Tuesday, June 01, 2004
hmm.
wad should i say now.
im bored. im rebelling against my hmk. im slacking and im being evil. adeline is sulking for debate and rugby and i have no idea why and im suddenly pissed at the world haha
but the world's pissed at me anyway. so who bloody well cares.
so here i am ignoring my hmk. oh yes ignoring hmk is nice. but not when you've got your mom behind you, then adeline announcing that she's doing her hmk then you think about the time you're wasting and so on and so forth.
bloody hell.
stupid guilty conscience. that i should have done better. but i suppose pride before a fall i guess. my add math never was that good. my math was okay. its just koh mei chin haha here i go again blaming other pple.
-but it IS her fault!! do you remember how funny she looked during meet the parent session...-
oh yes. she looked like this colossal turtle with a long craning neck and going 'HMMM?!?!?!' in that ridiculously hi pitched voice of hers which made me laugh in front of my dad which is equal to Doom To the World.

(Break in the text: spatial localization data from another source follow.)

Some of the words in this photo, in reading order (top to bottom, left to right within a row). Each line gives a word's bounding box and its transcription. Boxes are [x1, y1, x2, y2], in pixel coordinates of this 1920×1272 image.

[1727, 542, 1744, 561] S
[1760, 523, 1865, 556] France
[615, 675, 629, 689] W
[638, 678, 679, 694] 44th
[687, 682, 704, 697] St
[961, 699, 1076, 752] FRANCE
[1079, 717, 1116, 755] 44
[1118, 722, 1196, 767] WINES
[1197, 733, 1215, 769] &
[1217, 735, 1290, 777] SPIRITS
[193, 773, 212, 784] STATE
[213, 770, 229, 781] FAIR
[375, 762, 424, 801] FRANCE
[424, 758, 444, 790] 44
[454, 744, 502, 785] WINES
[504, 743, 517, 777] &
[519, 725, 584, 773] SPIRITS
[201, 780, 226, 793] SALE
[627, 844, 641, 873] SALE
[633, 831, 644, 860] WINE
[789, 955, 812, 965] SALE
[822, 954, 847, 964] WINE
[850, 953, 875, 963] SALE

so anyway. everyone's really disappointed with me -is disappointed spelt with 2 't's?- and yeah that i can never achieve my father's dream yada yada yada yada and so on and so forth blah blah blah.

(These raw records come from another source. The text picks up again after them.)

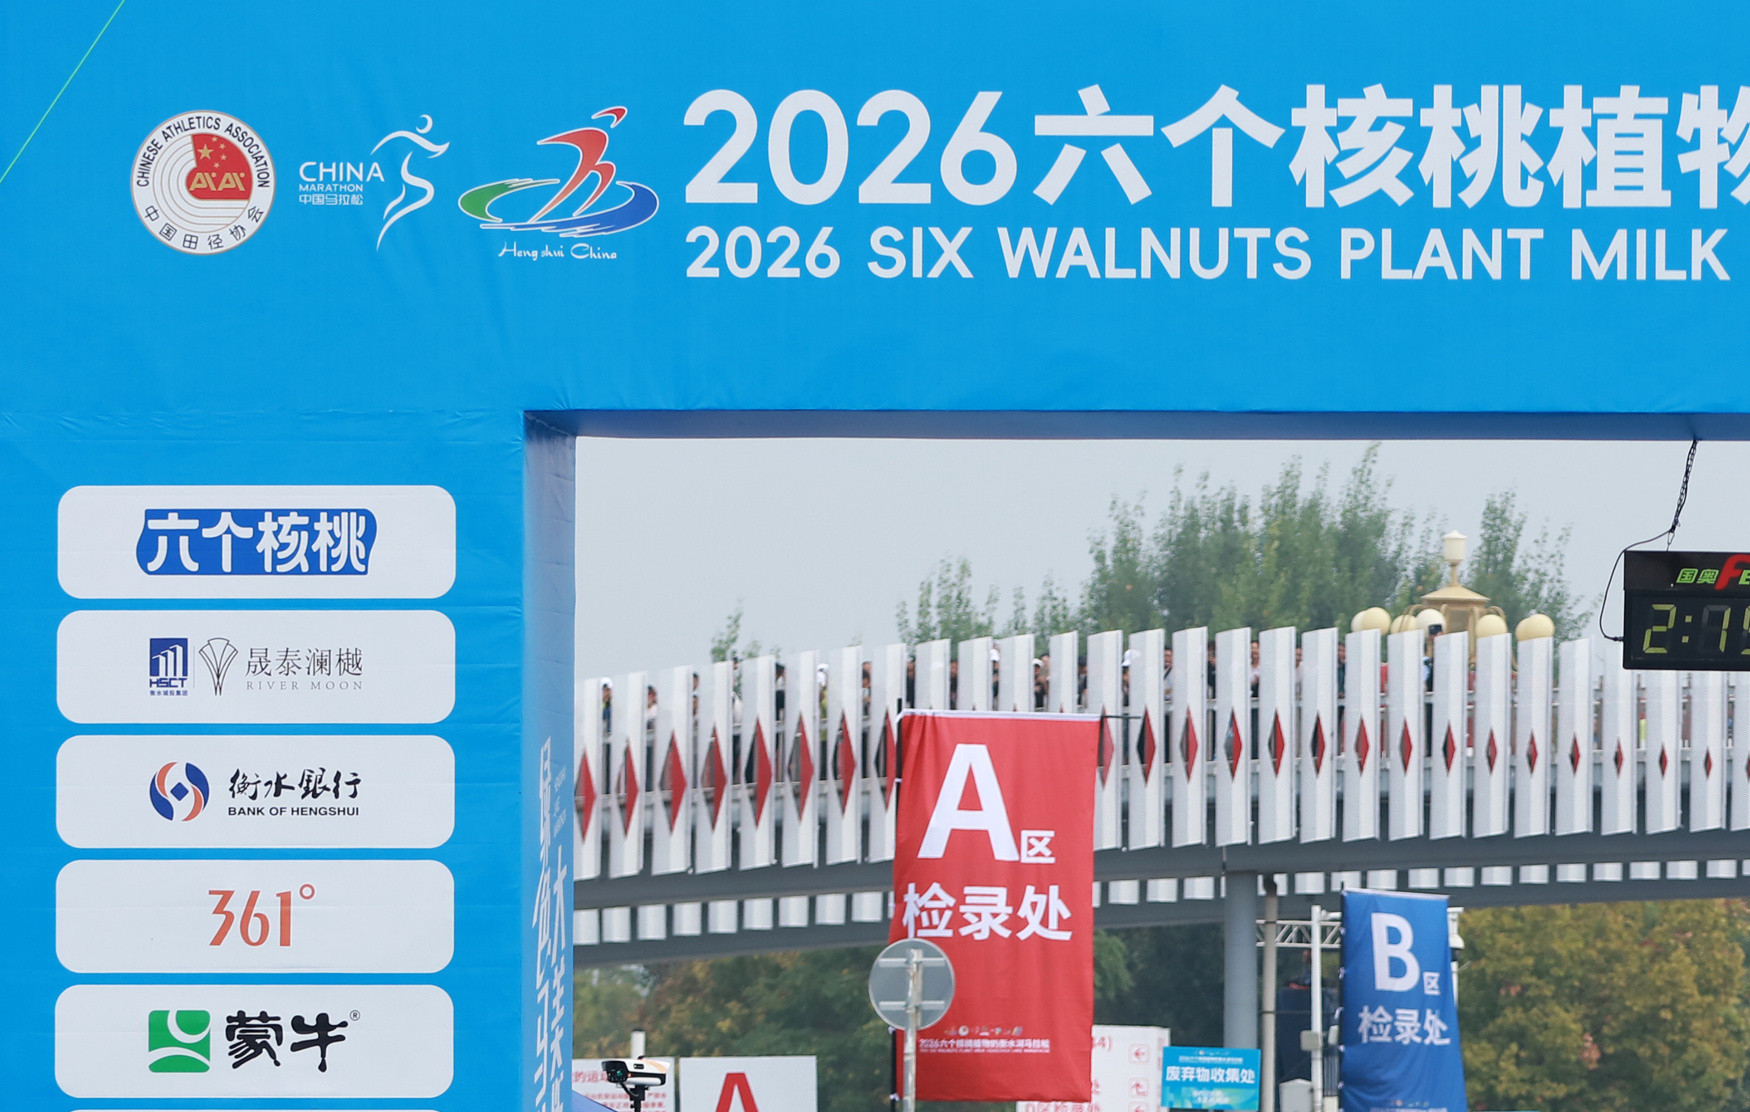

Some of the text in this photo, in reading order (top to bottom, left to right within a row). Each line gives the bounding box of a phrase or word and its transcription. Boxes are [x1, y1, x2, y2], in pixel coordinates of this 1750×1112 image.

[136, 116, 270, 188] CHINESE ATHLETICS ASSOCIATION
[299, 161, 385, 182] CHINA
[299, 183, 364, 192] MARATHON
[299, 193, 364, 206] 中国马拉松
[144, 205, 264, 250] 中国田径协会
[570, 242, 617, 260] China
[685, 225, 841, 279] 2026
[867, 225, 974, 279] SIX
[996, 226, 1312, 280] WALNUTS
[1340, 227, 1545, 280] PLANT
[1571, 228, 1731, 281] MILK
[146, 511, 366, 574] 六个核桃
[149, 677, 188, 688] HSCT
[245, 647, 362, 678] 晟泰澜樾
[246, 680, 363, 691] RIVER MOON
[228, 806, 359, 816] BANK OF HENGSHUI
[917, 743, 1056, 864] A区
[208, 884, 315, 948] 361°
[903, 882, 1072, 941] 检录处
[1371, 912, 1441, 996] B区
[225, 1009, 349, 1073] 蒙牛
[1358, 1005, 1451, 1046] 检录处
[1165, 1066, 1256, 1084] 废弃物收集处

and my dad tells me im touchy crying.... i tell you dear dad, ive been keeping the ache in my head and my heart for eons and the teacher pointing out that sore and poking at it ridiculously hard over and over and over again is NOT as enjoyable as you think it is.
and oh he goes on about how pple liking me for how smart i am.
puh lease.
pple like me for who i AM. an insane spastic mad cynical and bloody sarcastic and damn proud of it girl. you got that?

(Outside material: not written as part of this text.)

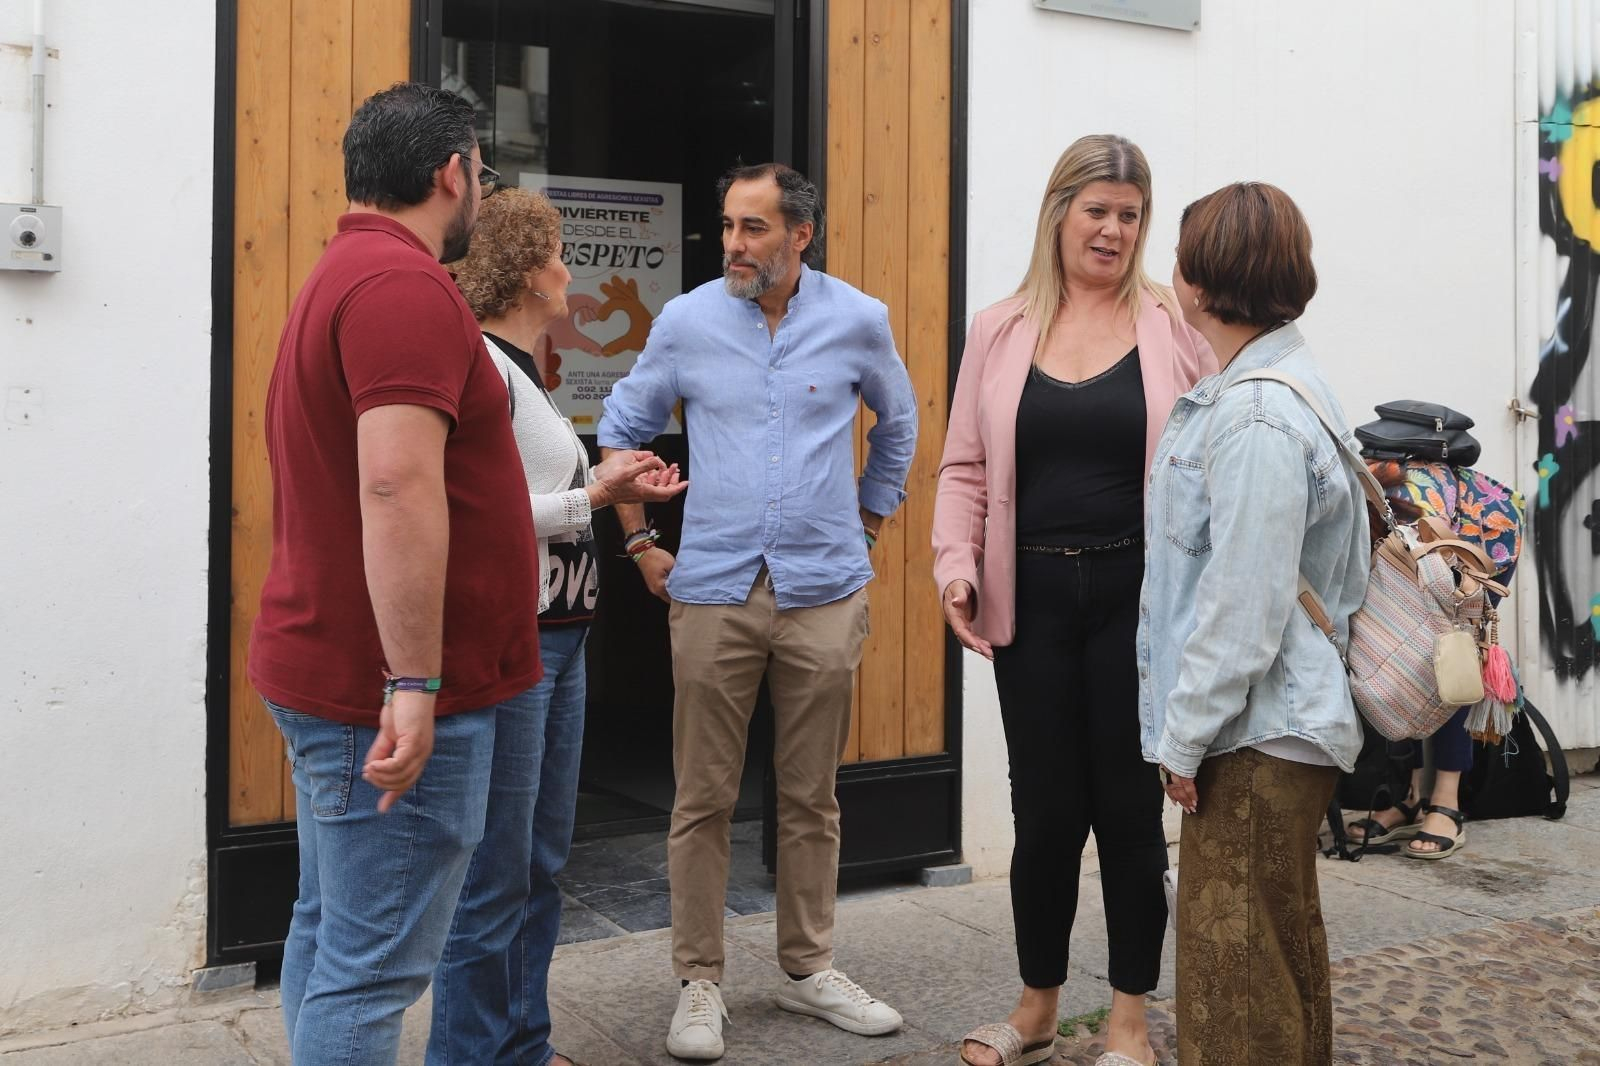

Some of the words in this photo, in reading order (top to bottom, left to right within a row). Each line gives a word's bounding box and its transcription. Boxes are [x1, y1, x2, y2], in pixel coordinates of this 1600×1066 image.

[563, 223, 617, 238] DESDE
[620, 227, 637, 239] EL
[560, 242, 665, 269] ESPETO

oh and on to chinese and how horrible i am blah blah blah.
sheesh. i cant remember the bloody words. lao shi also marks them as one word wrong and the whole bloody thing has no marks. so wad's the bloody point of writing it out? im gonna get it wrong anyway so just leave my book nice and clean then.
that probably explains why i never pass ting xie.
And now Anyone who asks me for My Grade will get A Thrashing no matter who the Bloody Hell you Are.